**** EXTRACTED RECORDS ****
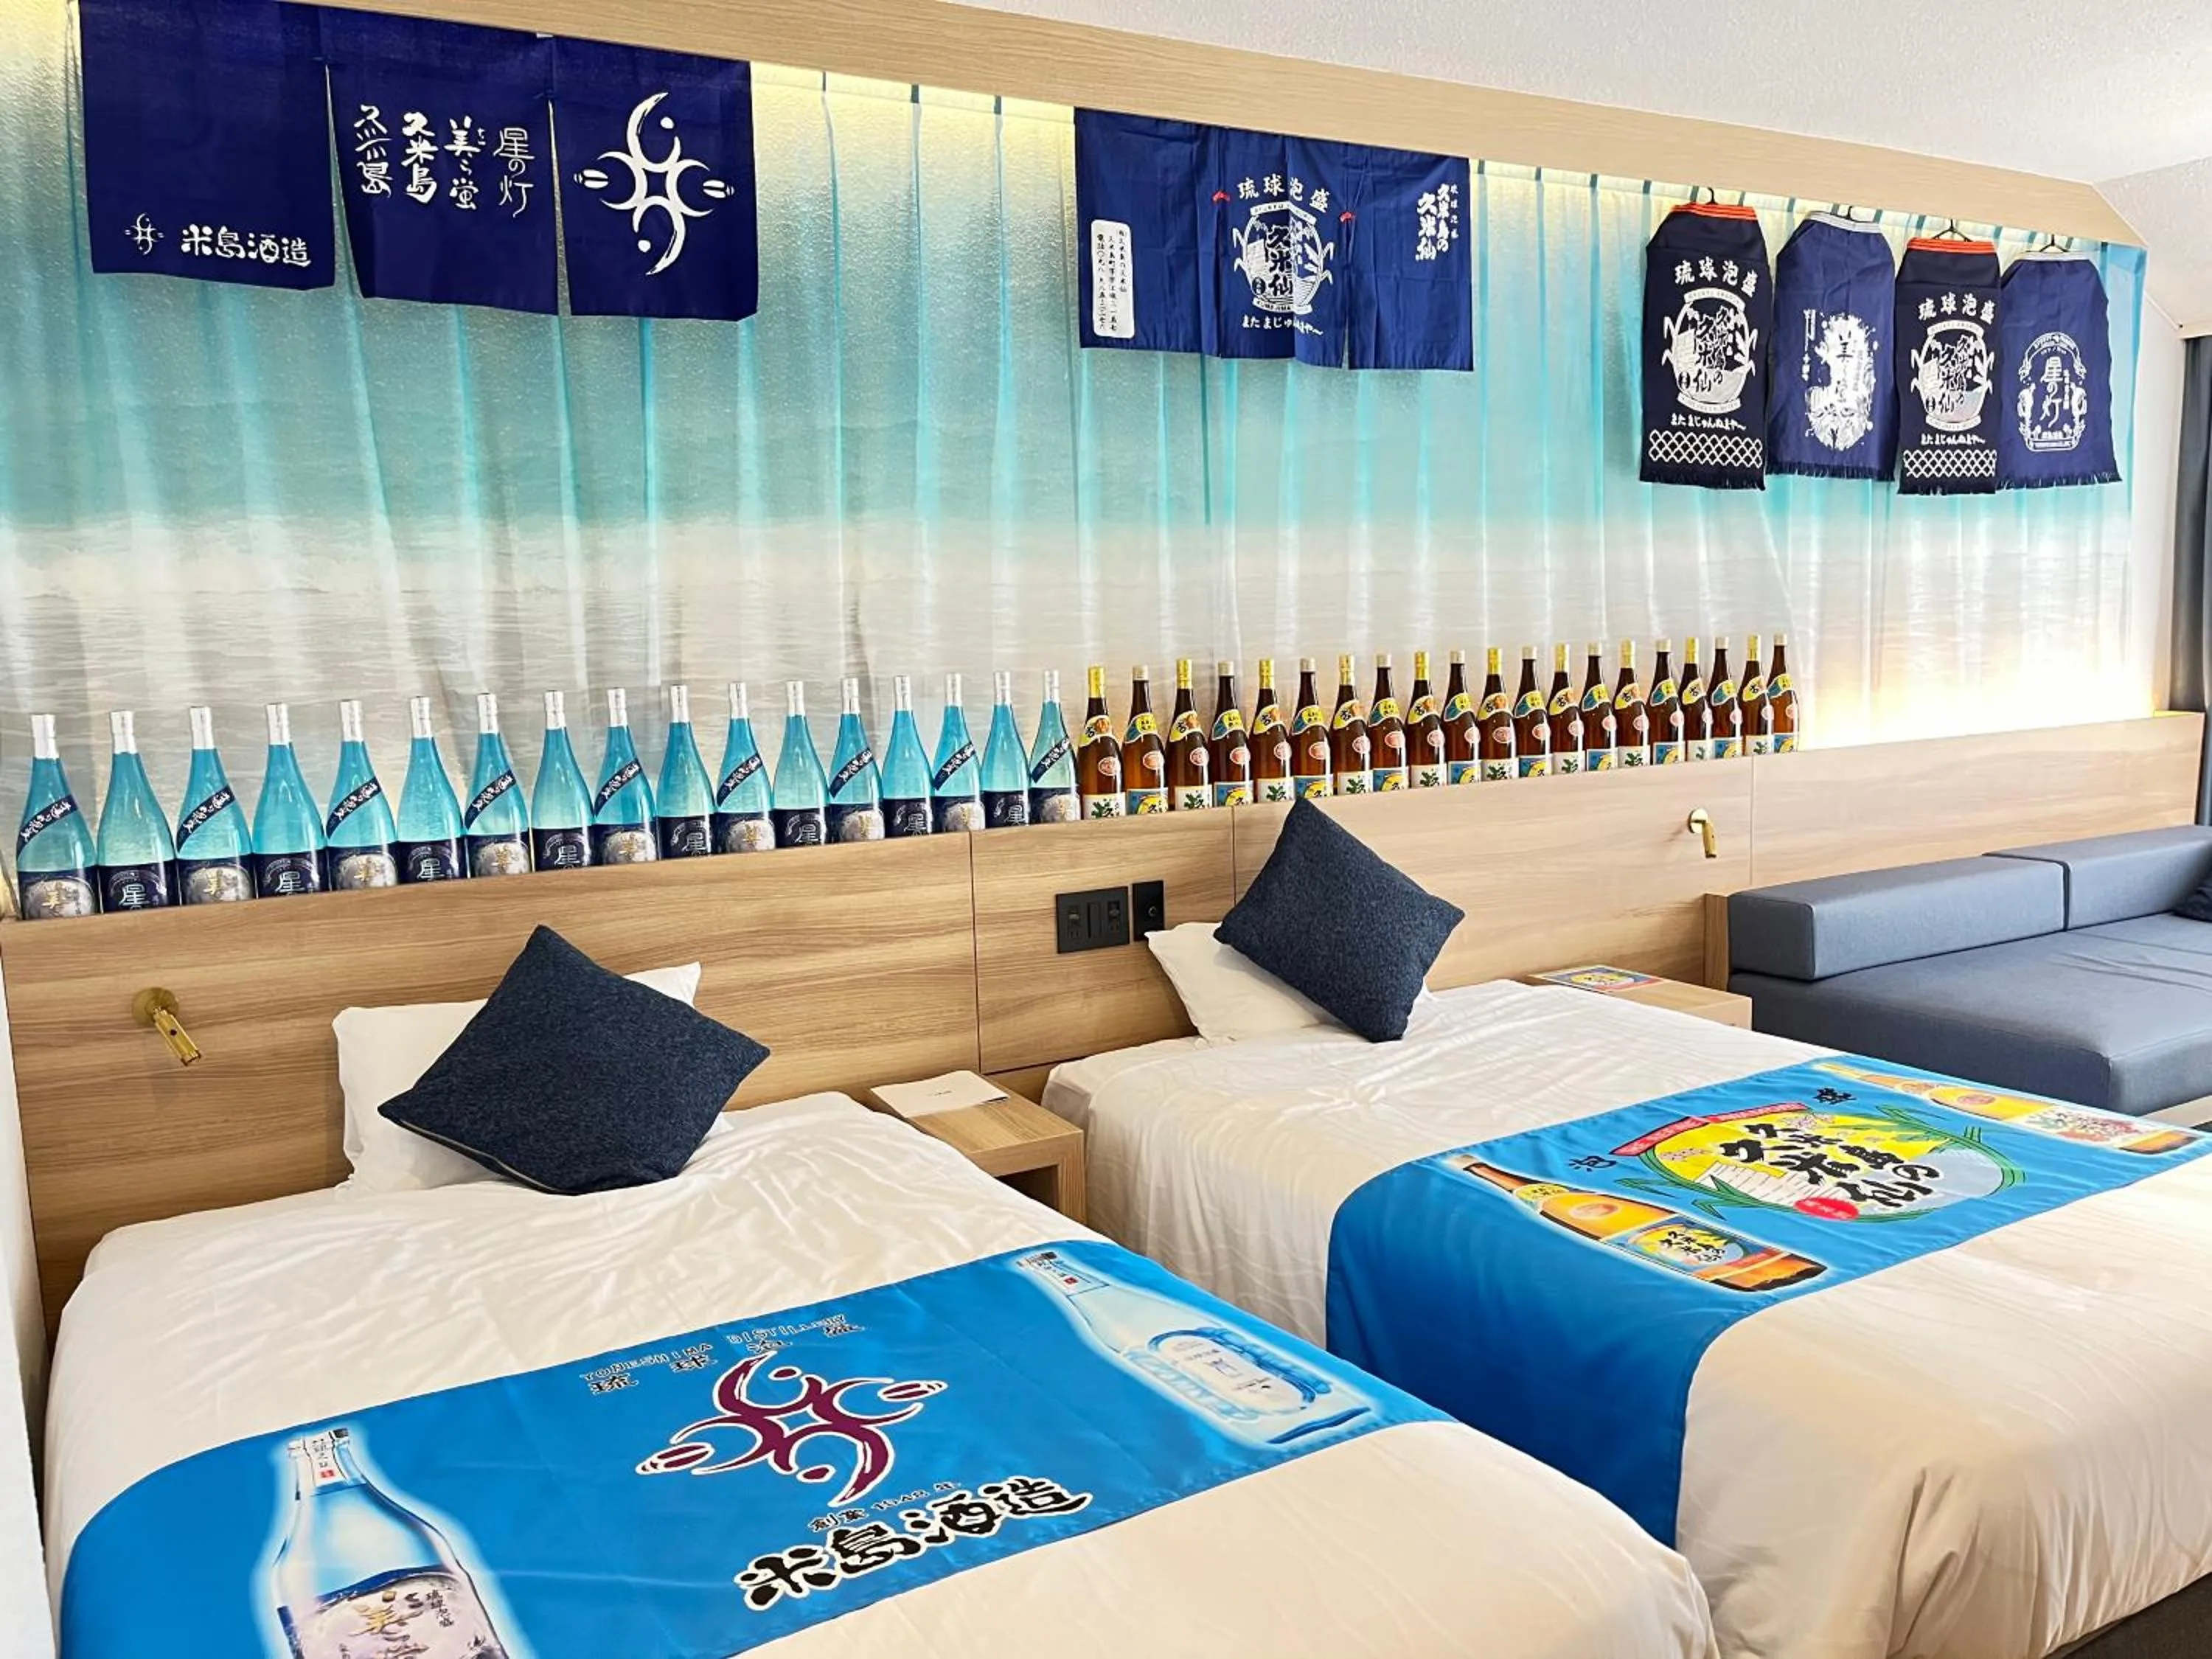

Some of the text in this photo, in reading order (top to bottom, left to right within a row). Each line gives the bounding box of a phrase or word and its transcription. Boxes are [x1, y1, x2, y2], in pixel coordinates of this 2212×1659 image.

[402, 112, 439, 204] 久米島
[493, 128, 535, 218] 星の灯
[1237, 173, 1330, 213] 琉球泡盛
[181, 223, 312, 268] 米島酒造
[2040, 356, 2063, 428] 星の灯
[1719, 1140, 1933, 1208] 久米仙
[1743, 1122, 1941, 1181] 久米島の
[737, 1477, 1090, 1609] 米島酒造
****
WHAT YOU SHOULD DO
Omit each image and transcribe the remaining records word for word.

SOLUTION TO THE PROBLEM
Some of the text in this photo, in reading order (top to bottom, left to right within a row). Each line gives the bounding box of a phrase or word and its transcription. Boxes are [x1, y1, x2, y2], in pixel coordinates of this 2212×1659 image.

[402, 112, 439, 204] 久米島
[493, 128, 535, 218] 星の灯
[1237, 173, 1330, 213] 琉球泡盛
[181, 223, 312, 268] 米島酒造
[2040, 356, 2063, 428] 星の灯
[1719, 1140, 1933, 1208] 久米仙
[1743, 1122, 1941, 1181] 久米島の
[737, 1477, 1090, 1609] 米島酒造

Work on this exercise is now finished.